[[ Supplied records, beginning ]]

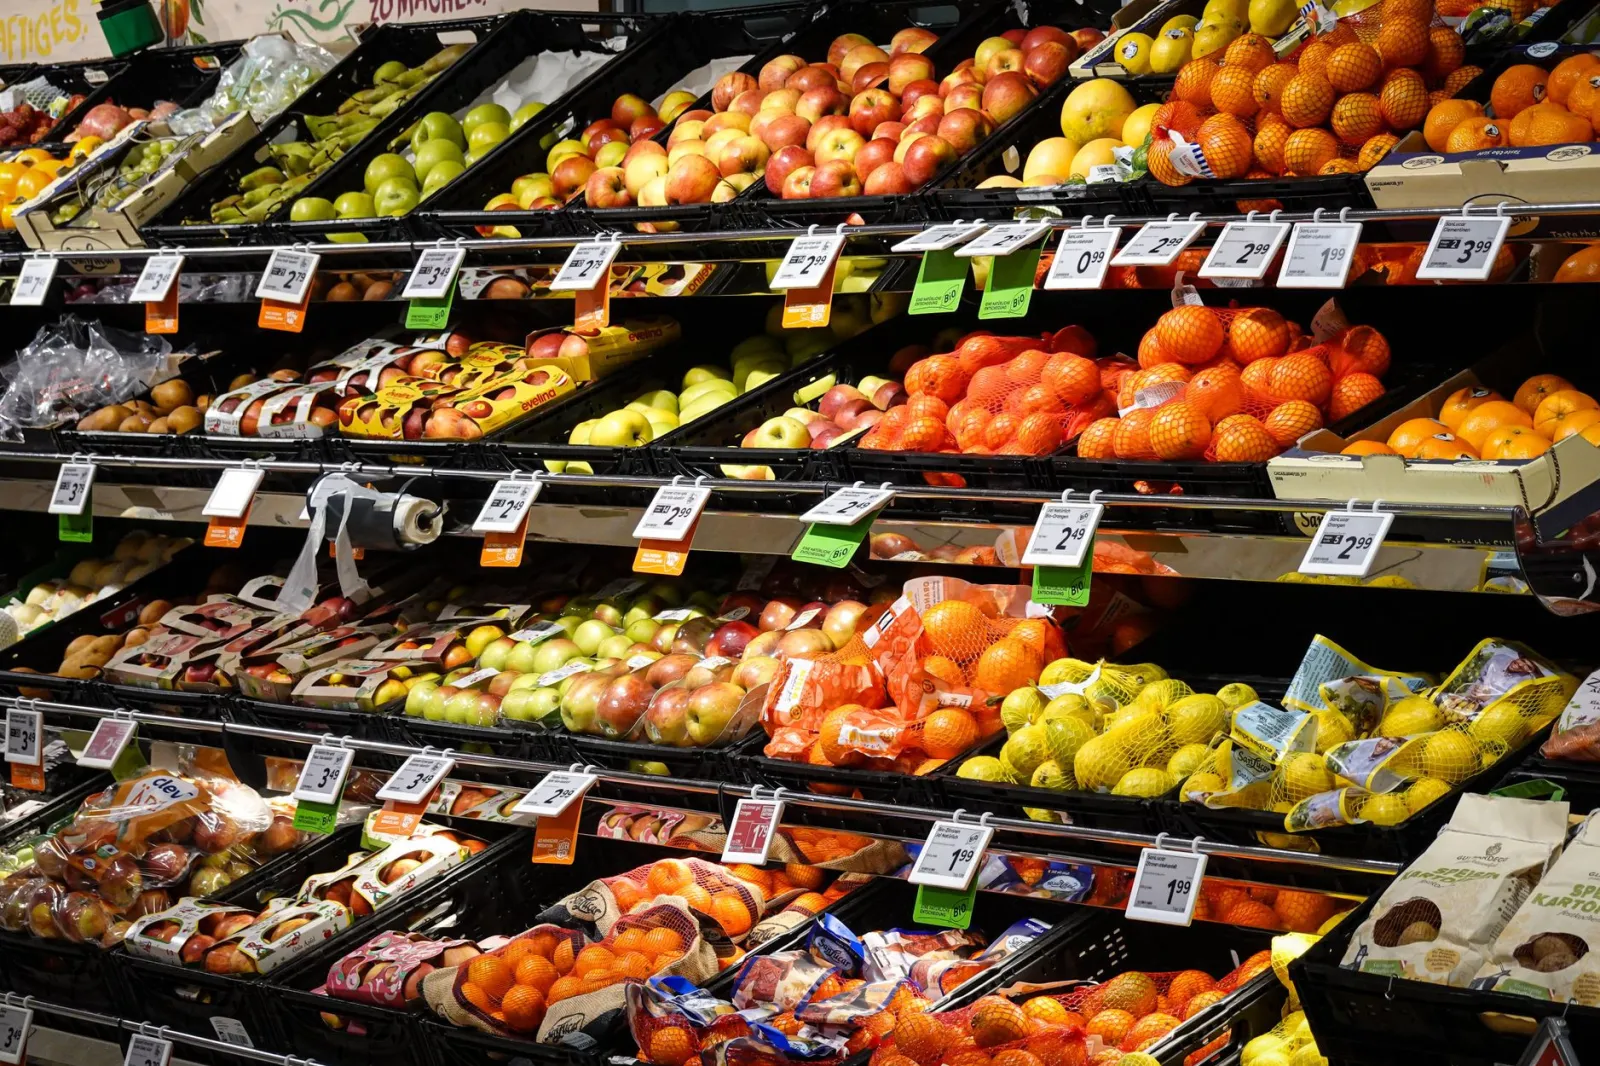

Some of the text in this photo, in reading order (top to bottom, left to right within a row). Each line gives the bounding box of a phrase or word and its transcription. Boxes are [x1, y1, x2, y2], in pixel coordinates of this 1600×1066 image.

[944, 290, 956, 304] BiO
[1012, 293, 1025, 309] BiO
[434, 308, 445, 322] BiO
[521, 387, 557, 413] evelina
[833, 547, 848, 559] BiO
[1071, 581, 1084, 596] BiO
[953, 904, 967, 919] BiO
[817, 937, 852, 969] SanLucar

[[ Supplied records, end ]]

A word-for-word copy of the material is required; pictures stay out of it.

(Finished exercise):
Some of the text in this photo, in reading order (top to bottom, left to right within a row). Each line gives the bounding box of a phrase or word and its transcription. Boxes are [x1, y1, x2, y2], in pixel coordinates of this 1600×1066 image.

[944, 290, 956, 304] BiO
[1012, 293, 1025, 309] BiO
[434, 308, 445, 322] BiO
[521, 387, 557, 413] evelina
[833, 547, 848, 559] BiO
[1071, 581, 1084, 596] BiO
[953, 904, 967, 919] BiO
[817, 937, 852, 969] SanLucar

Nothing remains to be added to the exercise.